History - nose tags, billboard advertising
There was outdoor advertising over 5000 years ago on obelisks hieroglyphs as signposts for travelers; Almost 2500 years ago Egyptian traders chiselled sales messages in stone and set them up on streets (cf. Groucutt et al., p. 339).
Other historical forms of outdoor advertising are nose signs and poster advertising (see also: wooden letters ). In 1855, Ernst Litfaß from Berlin posted messages on a column for the first time, creating a kind of "newspaper for the street". Fritz Stahl complained in his article “Deutsche Plakate” from 1898: “In all countries except Germany, huge areas are available, and the colossal size of the poster alone can make an impression. […] The advertising pillars have a limited space, and the rounding also makes the effect more difficult. ”In addition to the advertising pillars that still exist today, large-format posters in particular have established themselves since the 1950s .
In modern versions, the posters are hung in showcases and backlit at night. The so-called mega-lights or city-light posters are partly equipped with a change mechanism that changes the posters at adjustable intervals.

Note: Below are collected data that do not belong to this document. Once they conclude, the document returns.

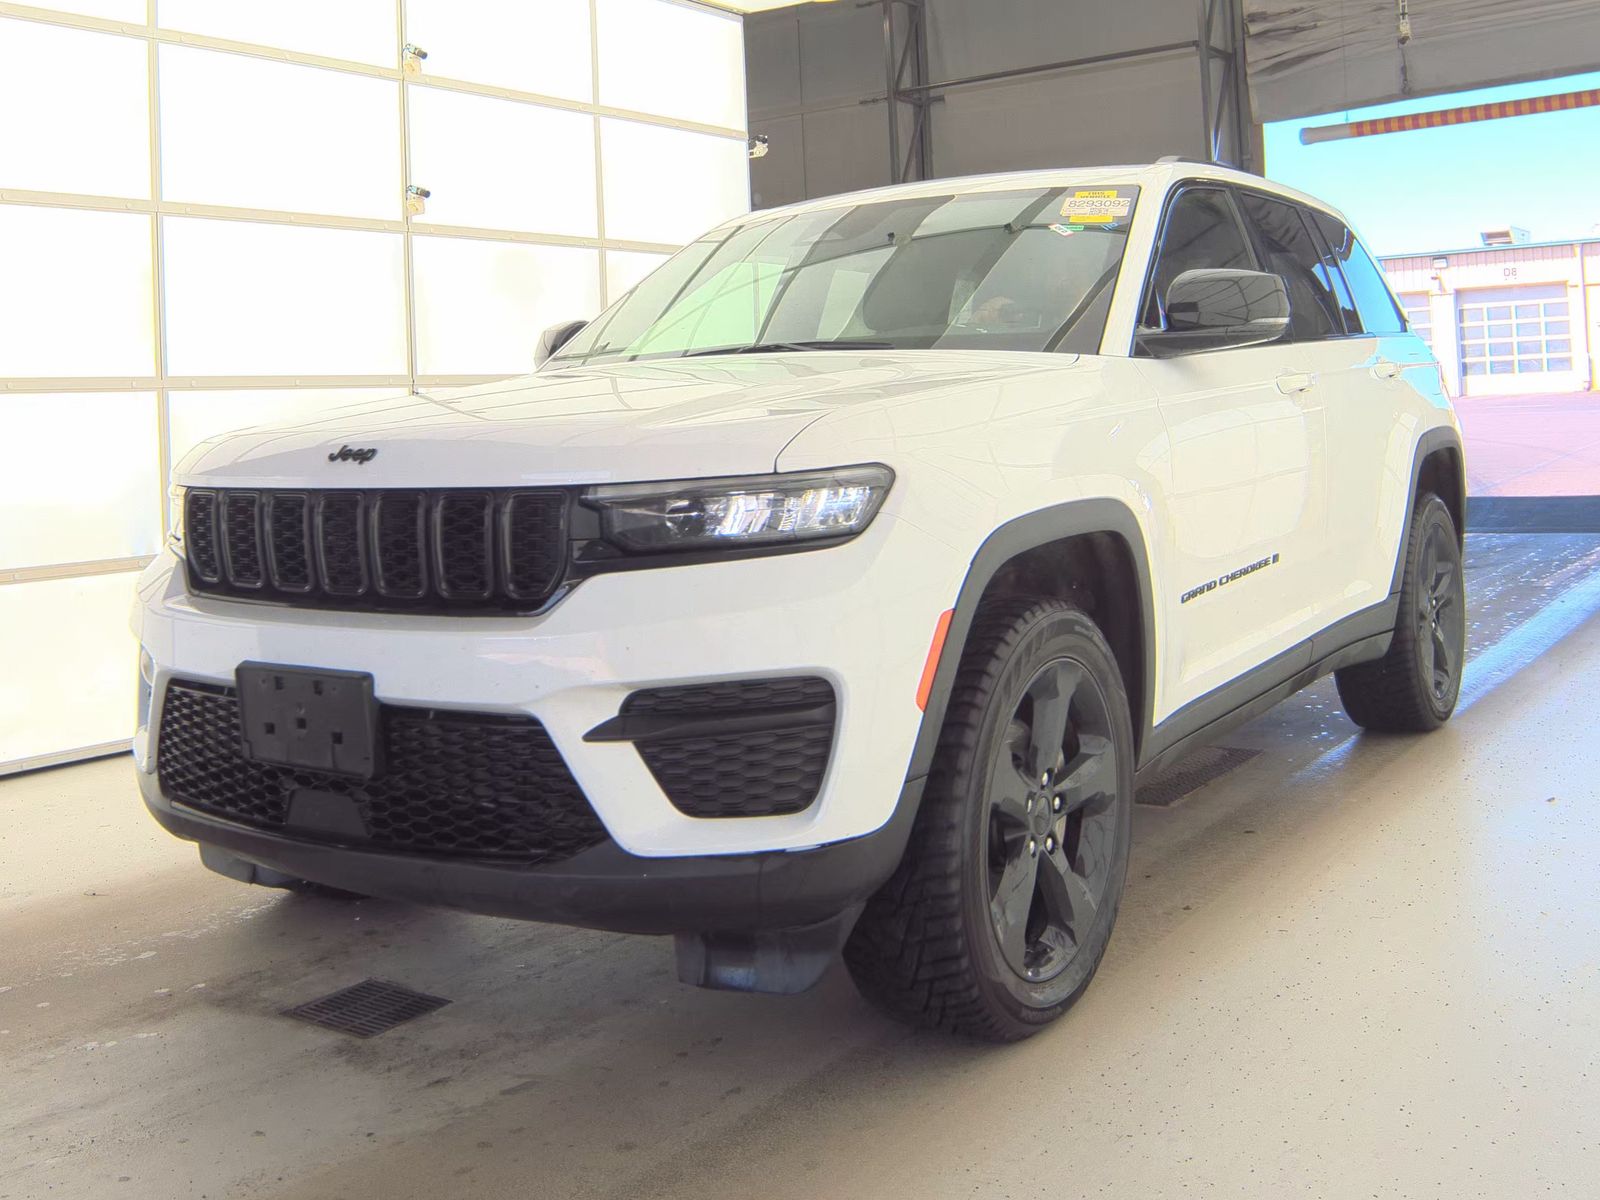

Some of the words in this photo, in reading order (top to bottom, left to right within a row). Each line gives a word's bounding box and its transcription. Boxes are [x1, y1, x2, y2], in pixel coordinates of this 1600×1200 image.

[1068, 199, 1130, 208] 8293092
[328, 444, 377, 465] Jeep
[1181, 579, 1217, 604] GRAND
[1218, 557, 1271, 586] CHEROKEE
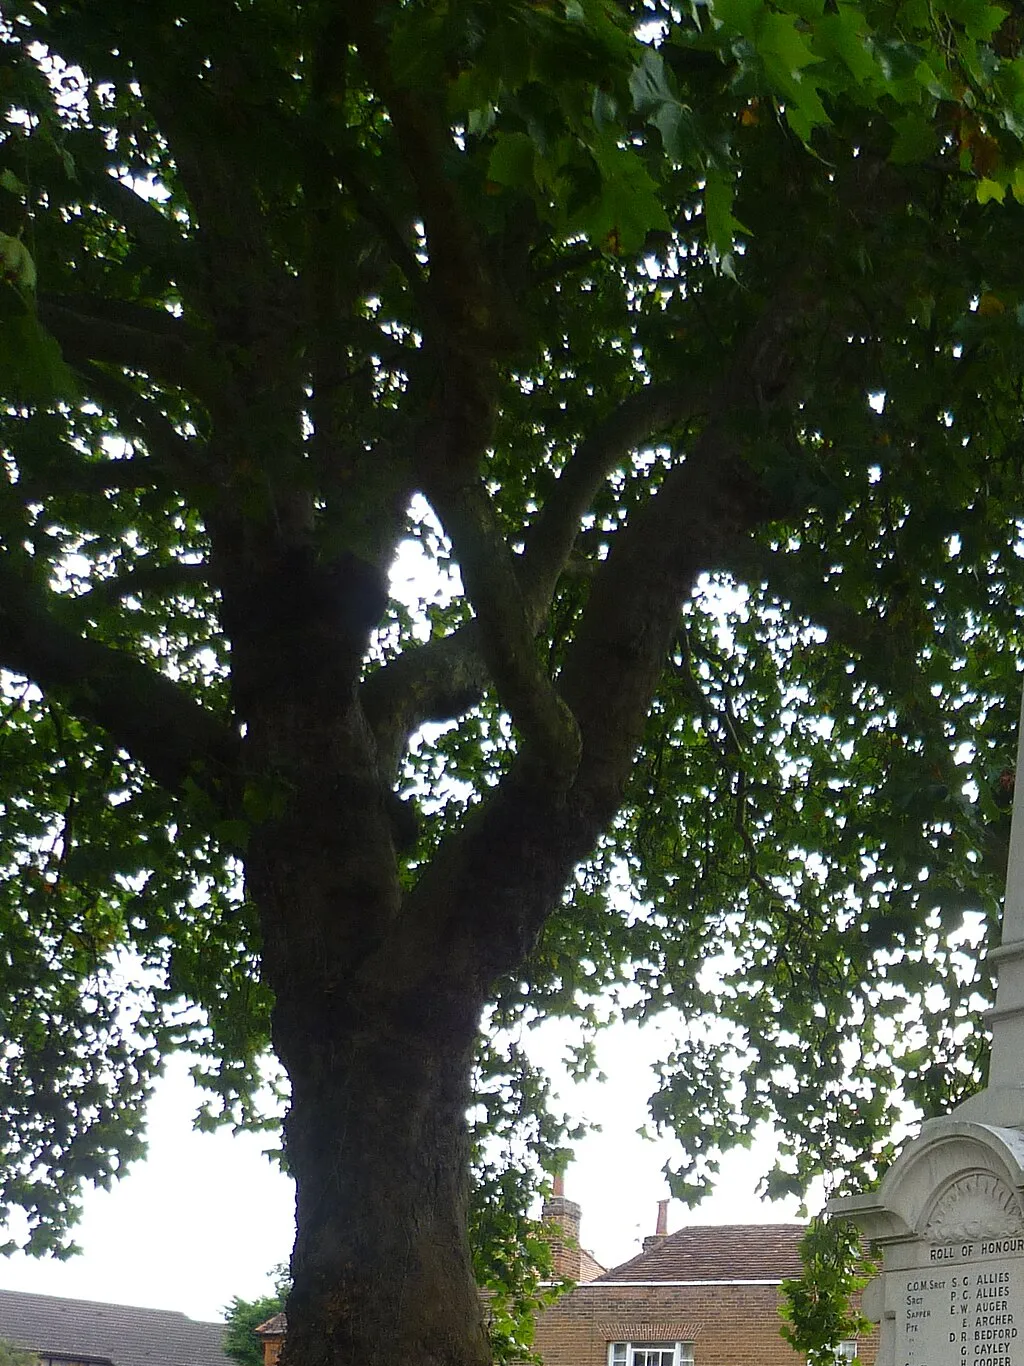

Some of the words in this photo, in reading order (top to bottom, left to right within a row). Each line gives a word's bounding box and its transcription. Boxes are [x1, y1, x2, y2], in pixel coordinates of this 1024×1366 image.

There are different formats for the different advertising media. Large-format posters are in the 18/1 sheet format with a size of 3.56 m × 2.52 m. Posters of different sizes are placed on advertising pillars with mixed advertising, usually no smaller than 1/1 sheet format in the size of 59 cm × 84 cm ( DIN A1 ). Larger posters up to a sheet format of 8/1 sheets are also stuck on advertising pillars for general posting.
In the CLB (City-Light-Boards) only 18/1 sheet posters are displayed, in the CLP (City-Light-Poster) cases 4/1 sheets.
In Germany there are over 200,000 locations with large areas, mega lights / city light boards and whole pillars / general points (the "descendants" of the advertising pillar). There are also a further 98,000 City Light posters.
Controversy over advertising bans
Billboard advertising is controversial in many countries and cities. The basis for the criticism, which was also expressed by advertising experts such as David Ogilvy and Howard Luck Gossage , is the accusation that outdoor advertising is not integrated into public space, but rather blocks the unobstructed view of it. As a member of a society there is a compulsion to consume outdoor advertising, since it cannot be circumvented in public space. This is in contrast to all other forms of advertising, which are increasingly regulated using so-called opt-in and opt-out procedures. Gossage speaks of outdoor advertising claiming something that does not belong to it: the viewer's field of vision.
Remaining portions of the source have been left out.